BEGIN RECORDS FOR PROCESSING

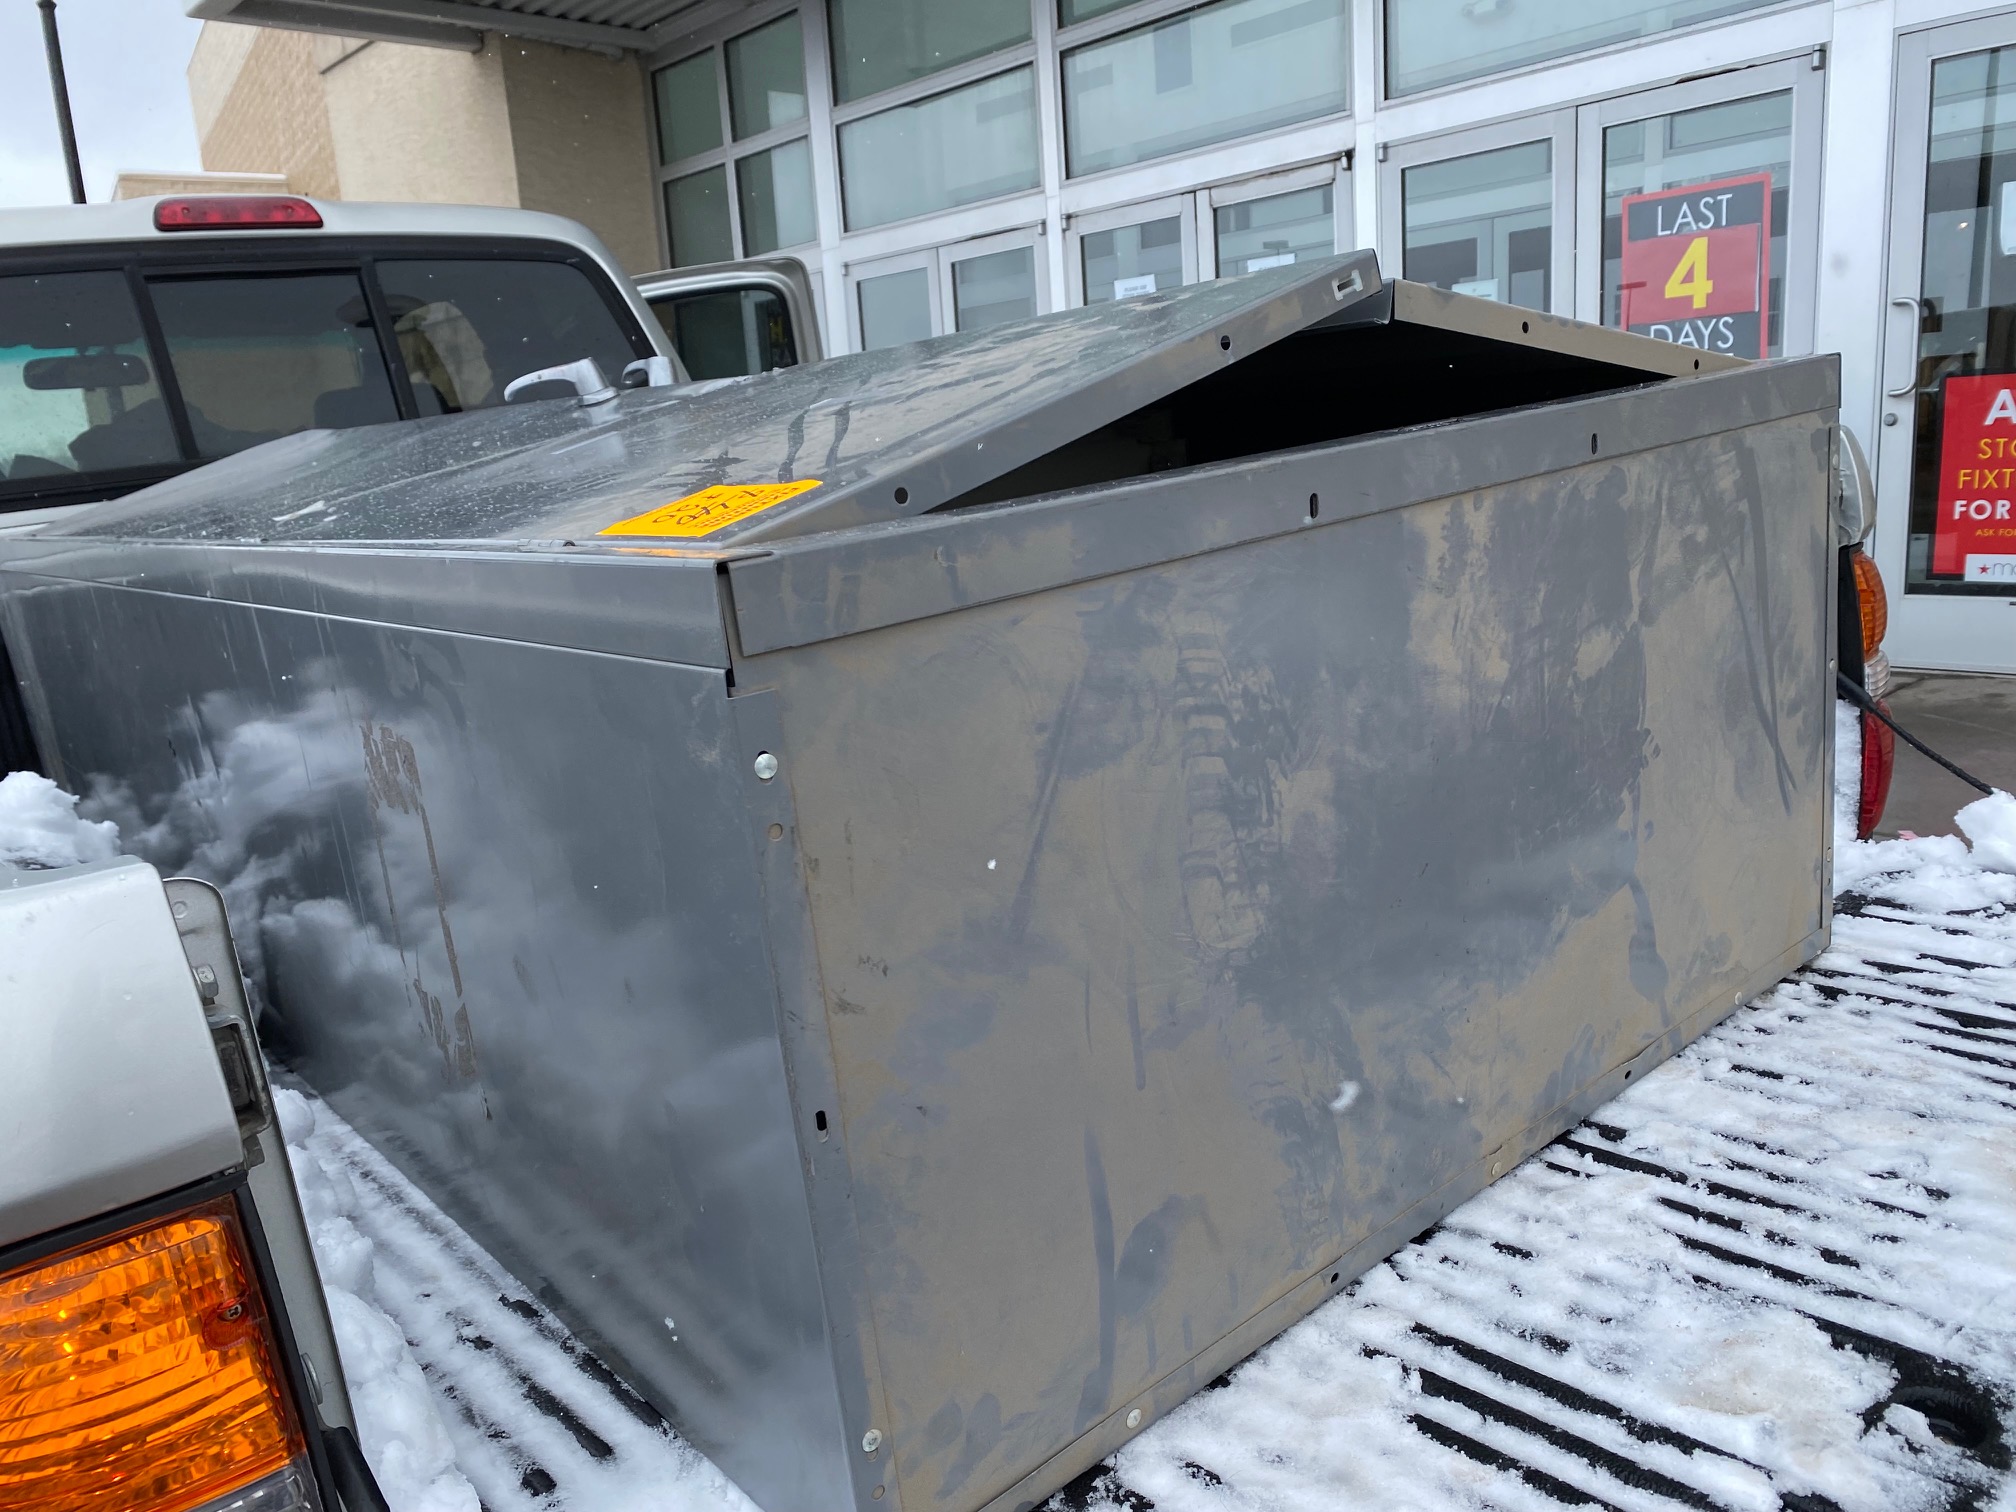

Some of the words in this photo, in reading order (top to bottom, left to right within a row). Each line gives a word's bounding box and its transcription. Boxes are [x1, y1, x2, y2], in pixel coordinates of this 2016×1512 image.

[1657, 193, 1733, 236] LAST
[1665, 236, 1713, 310] 4
[1954, 499, 2011, 520] FOR
[1975, 528, 1996, 537] ASK
[1998, 528, 2016, 537] FO

END RECORDS FOR PROCESSING

* [WHAT IS REQUIRED] Every line of the data should be transcribed exactly. Omit the images.

* [EXERCISE RESPONSE]
Some of the words in this photo, in reading order (top to bottom, left to right within a row). Each line gives a word's bounding box and its transcription. Boxes are [x1, y1, x2, y2], in pixel coordinates of this 2016×1512 image.

[1657, 193, 1733, 236] LAST
[1665, 236, 1713, 310] 4
[1954, 499, 2011, 520] FOR
[1975, 528, 1996, 537] ASK
[1998, 528, 2016, 537] FO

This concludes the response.